╭─ RECORDS SUPPLIED

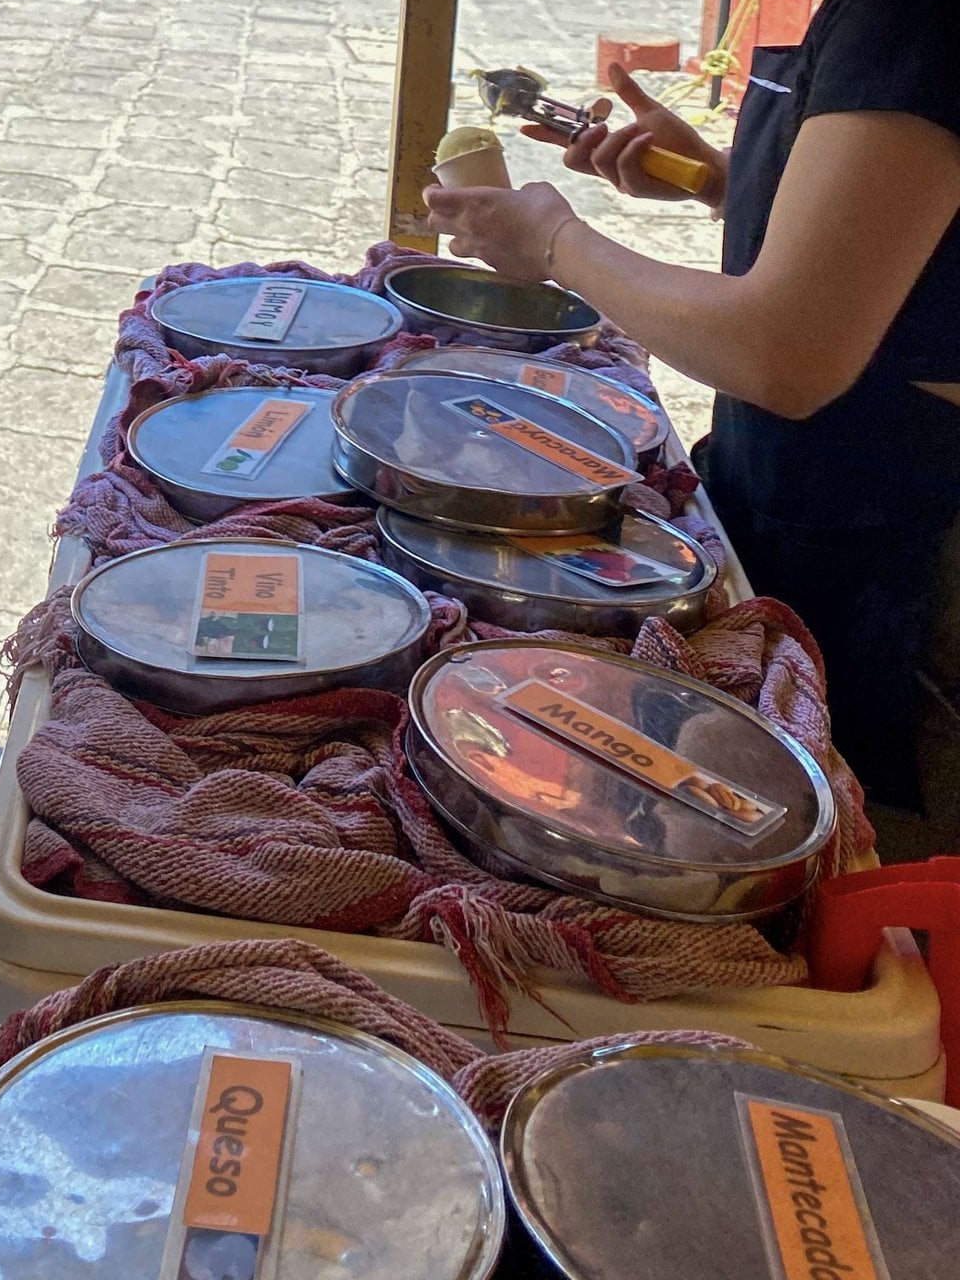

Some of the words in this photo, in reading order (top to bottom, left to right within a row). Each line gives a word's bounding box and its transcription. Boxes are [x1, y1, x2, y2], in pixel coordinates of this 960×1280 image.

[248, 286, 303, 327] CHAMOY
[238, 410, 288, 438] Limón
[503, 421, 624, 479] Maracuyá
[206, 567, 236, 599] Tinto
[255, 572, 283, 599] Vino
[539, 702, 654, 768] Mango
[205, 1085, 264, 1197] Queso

╰─

**HOW TO COMPLETE THIS TASK:** When you repeat the lines above, keep them exact and leave out each image they contain.

**RESPONSE AREA:**
Some of the words in this photo, in reading order (top to bottom, left to right within a row). Each line gives a word's bounding box and its transcription. Boxes are [x1, y1, x2, y2], in pixel coordinates of this 960×1280 image.

[248, 286, 303, 327] CHAMOY
[238, 410, 288, 438] Limón
[503, 421, 624, 479] Maracuyá
[206, 567, 236, 599] Tinto
[255, 572, 283, 599] Vino
[539, 702, 654, 768] Mango
[205, 1085, 264, 1197] Queso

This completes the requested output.